▶ [Task to complete]
For each line of the listing, output an exact copy.

▶ [Source material]
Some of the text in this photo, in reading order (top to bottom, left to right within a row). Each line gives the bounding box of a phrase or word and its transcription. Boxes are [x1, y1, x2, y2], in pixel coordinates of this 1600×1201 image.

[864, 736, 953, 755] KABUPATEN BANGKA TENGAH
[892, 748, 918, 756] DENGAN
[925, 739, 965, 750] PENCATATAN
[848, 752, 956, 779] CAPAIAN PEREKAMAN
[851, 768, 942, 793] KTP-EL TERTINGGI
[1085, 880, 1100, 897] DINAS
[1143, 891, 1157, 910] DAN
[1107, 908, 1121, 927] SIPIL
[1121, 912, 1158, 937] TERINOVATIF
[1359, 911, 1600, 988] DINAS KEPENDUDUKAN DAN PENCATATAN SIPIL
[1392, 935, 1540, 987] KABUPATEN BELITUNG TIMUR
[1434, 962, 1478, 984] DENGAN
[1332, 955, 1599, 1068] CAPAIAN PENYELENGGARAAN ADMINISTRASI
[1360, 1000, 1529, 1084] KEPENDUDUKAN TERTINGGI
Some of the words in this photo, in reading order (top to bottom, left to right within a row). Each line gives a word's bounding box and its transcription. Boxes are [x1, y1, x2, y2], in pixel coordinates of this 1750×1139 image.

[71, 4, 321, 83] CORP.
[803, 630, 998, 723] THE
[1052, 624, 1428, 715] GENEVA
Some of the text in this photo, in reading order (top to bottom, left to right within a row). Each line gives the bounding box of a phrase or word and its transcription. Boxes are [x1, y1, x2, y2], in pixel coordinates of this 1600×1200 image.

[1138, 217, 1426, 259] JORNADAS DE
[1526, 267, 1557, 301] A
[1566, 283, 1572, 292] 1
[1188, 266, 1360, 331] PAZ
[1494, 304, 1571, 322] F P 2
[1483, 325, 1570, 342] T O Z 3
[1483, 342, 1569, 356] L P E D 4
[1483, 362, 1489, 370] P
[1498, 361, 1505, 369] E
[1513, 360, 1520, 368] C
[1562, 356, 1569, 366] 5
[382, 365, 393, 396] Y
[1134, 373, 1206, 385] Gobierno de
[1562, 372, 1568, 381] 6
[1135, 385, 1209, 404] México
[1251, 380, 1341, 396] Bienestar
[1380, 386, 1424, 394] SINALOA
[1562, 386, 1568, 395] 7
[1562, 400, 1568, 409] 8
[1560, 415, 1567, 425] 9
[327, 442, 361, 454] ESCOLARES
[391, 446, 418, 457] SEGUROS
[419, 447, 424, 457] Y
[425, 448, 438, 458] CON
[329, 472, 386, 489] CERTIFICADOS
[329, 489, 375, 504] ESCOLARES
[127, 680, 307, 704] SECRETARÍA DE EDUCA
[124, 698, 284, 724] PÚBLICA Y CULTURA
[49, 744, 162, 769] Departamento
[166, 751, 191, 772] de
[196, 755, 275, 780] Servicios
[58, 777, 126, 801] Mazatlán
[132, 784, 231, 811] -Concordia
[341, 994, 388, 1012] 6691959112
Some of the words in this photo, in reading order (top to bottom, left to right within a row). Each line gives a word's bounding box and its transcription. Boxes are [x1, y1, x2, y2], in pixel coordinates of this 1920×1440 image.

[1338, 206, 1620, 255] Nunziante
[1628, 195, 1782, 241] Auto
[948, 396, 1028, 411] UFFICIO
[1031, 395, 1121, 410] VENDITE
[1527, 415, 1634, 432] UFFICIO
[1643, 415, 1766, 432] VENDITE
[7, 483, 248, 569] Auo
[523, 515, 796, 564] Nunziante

▶ [Written answer]
Some of the text in this photo, in reading order (top to bottom, left to right within a row). Each line gives the bounding box of a phrase or word and its transcription. Boxes are [x1, y1, x2, y2], in pixel coordinates of this 1600×1201 image.

[864, 736, 953, 755] KABUPATEN BANGKA TENGAH
[892, 748, 918, 756] DENGAN
[925, 739, 965, 750] PENCATATAN
[848, 752, 956, 779] CAPAIAN PEREKAMAN
[851, 768, 942, 793] KTP-EL TERTINGGI
[1085, 880, 1100, 897] DINAS
[1143, 891, 1157, 910] DAN
[1107, 908, 1121, 927] SIPIL
[1121, 912, 1158, 937] TERINOVATIF
[1359, 911, 1600, 988] DINAS KEPENDUDUKAN DAN PENCATATAN SIPIL
[1392, 935, 1540, 987] KABUPATEN BELITUNG TIMUR
[1434, 962, 1478, 984] DENGAN
[1332, 955, 1599, 1068] CAPAIAN PENYELENGGARAAN ADMINISTRASI
[1360, 1000, 1529, 1084] KEPENDUDUKAN TERTINGGI
Some of the words in this photo, in reading order (top to bottom, left to right within a row). Each line gives a word's bounding box and its transcription. Boxes are [x1, y1, x2, y2], in pixel coordinates of this 1750×1139 image.

[71, 4, 321, 83] CORP.
[803, 630, 998, 723] THE
[1052, 624, 1428, 715] GENEVA
Some of the text in this photo, in reading order (top to bottom, left to right within a row). Each line gives the bounding box of a phrase or word and its transcription. Boxes are [x1, y1, x2, y2], in pixel coordinates of this 1600×1200 image.

[1138, 217, 1426, 259] JORNADAS DE
[1526, 267, 1557, 301] A
[1566, 283, 1572, 292] 1
[1188, 266, 1360, 331] PAZ
[1494, 304, 1571, 322] F P 2
[1483, 325, 1570, 342] T O Z 3
[1483, 342, 1569, 356] L P E D 4
[1483, 362, 1489, 370] P
[1498, 361, 1505, 369] E
[1513, 360, 1520, 368] C
[1562, 356, 1569, 366] 5
[382, 365, 393, 396] Y
[1134, 373, 1206, 385] Gobierno de
[1562, 372, 1568, 381] 6
[1135, 385, 1209, 404] México
[1251, 380, 1341, 396] Bienestar
[1380, 386, 1424, 394] SINALOA
[1562, 386, 1568, 395] 7
[1562, 400, 1568, 409] 8
[1560, 415, 1567, 425] 9
[327, 442, 361, 454] ESCOLARES
[391, 446, 418, 457] SEGUROS
[419, 447, 424, 457] Y
[425, 448, 438, 458] CON
[329, 472, 386, 489] CERTIFICADOS
[329, 489, 375, 504] ESCOLARES
[127, 680, 307, 704] SECRETARÍA DE EDUCA
[124, 698, 284, 724] PÚBLICA Y CULTURA
[49, 744, 162, 769] Departamento
[166, 751, 191, 772] de
[196, 755, 275, 780] Servicios
[58, 777, 126, 801] Mazatlán
[132, 784, 231, 811] -Concordia
[341, 994, 388, 1012] 6691959112
Some of the words in this photo, in reading order (top to bottom, left to right within a row). Each line gives a word's bounding box and its transcription. Boxes are [x1, y1, x2, y2], in pixel coordinates of this 1920×1440 image.

[1338, 206, 1620, 255] Nunziante
[1628, 195, 1782, 241] Auto
[948, 396, 1028, 411] UFFICIO
[1031, 395, 1121, 410] VENDITE
[1527, 415, 1634, 432] UFFICIO
[1643, 415, 1766, 432] VENDITE
[7, 483, 248, 569] Auo
[523, 515, 796, 564] Nunziante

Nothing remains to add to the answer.